И тотчас отошел. Я оторопело смотрел на спину старого сослуживца. А что я хотел? Дружба дружбой, а служба службой… Новоруков пожал руки милиционерам, о чем-то спросил их и тем же наступательным шагом пошел дальше, вдоль дома, пристально глядя на живую изгородь из кустов. Через минуту он скрылся из виду, а я, как был, остался со своими проблемами.

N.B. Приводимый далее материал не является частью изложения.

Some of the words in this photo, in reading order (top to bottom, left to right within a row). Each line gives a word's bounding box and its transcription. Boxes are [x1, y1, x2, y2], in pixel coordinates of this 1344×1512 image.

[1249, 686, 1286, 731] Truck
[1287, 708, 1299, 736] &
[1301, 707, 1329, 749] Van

Тем не менее я почувствовал себя намного увереннее. Федька, по-видимому, уже в курсе, что меня задержали, и уже думает обо мне, решает, как помочь. Я подошел к «жигулю». Милиционер ненавязчиво последовал за мной. Паспорт вместе с правами и записной книжкой я держал в маленькой кожаной сумочке, которая лежала в бардачке. Не стоило, конечно, оставлять документы в машине, но когда я услышал выстрелы, то об этом не подумал, забыв и ключи вынуть, и закрыть двери на замок. Склонившись над сиденьем, я открыл бардачок, выудил оттуда сумочку и… и тотчас меня прошибло холодным потом. Под сумочкой лежал пистолет.